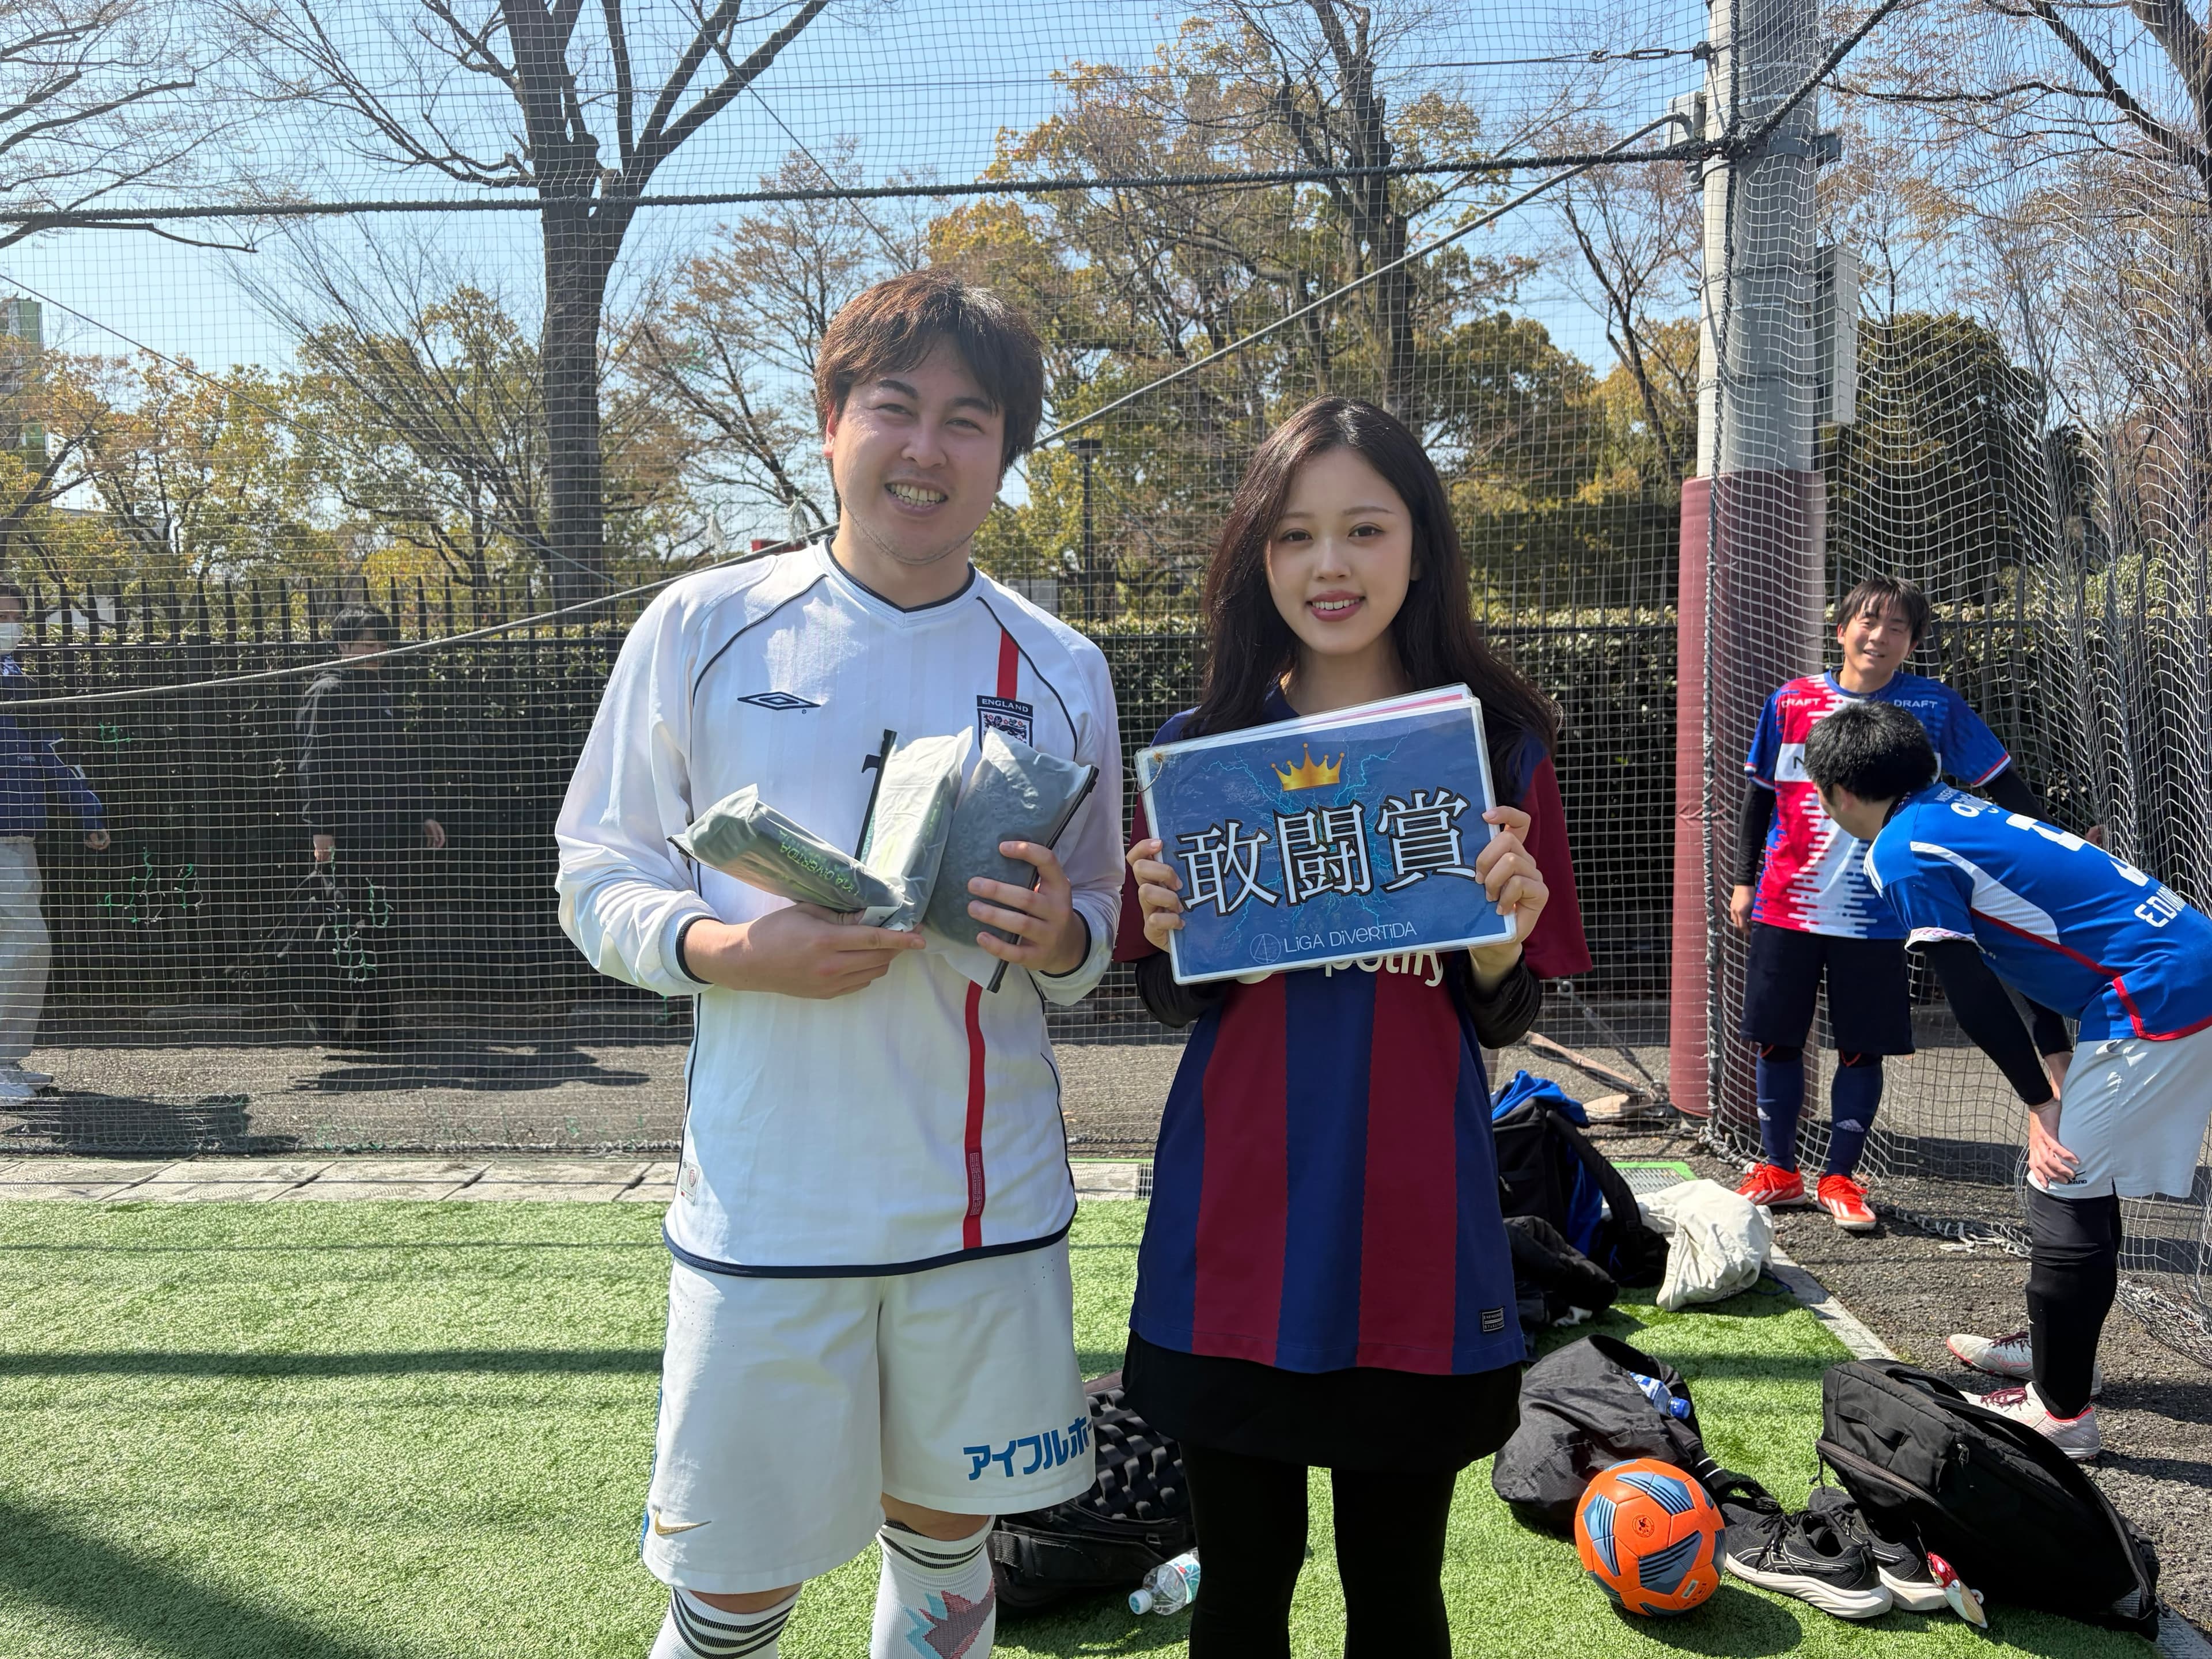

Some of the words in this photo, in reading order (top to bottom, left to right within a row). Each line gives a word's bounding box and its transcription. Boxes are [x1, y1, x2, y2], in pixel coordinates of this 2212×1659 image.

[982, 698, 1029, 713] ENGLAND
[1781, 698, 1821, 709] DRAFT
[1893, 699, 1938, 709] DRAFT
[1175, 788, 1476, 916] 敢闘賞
------------
PROBLEM REQUIREMENTS: Skip the pictures, then return the rest of the data exactly.

RESULT BELOW:
Some of the words in this photo, in reading order (top to bottom, left to right within a row). Each line gives a word's bounding box and its transcription. Boxes are [x1, y1, x2, y2], in pixel coordinates of this 2212×1659 image.

[982, 698, 1029, 713] ENGLAND
[1781, 698, 1821, 709] DRAFT
[1893, 699, 1938, 709] DRAFT
[1175, 788, 1476, 916] 敢闘賞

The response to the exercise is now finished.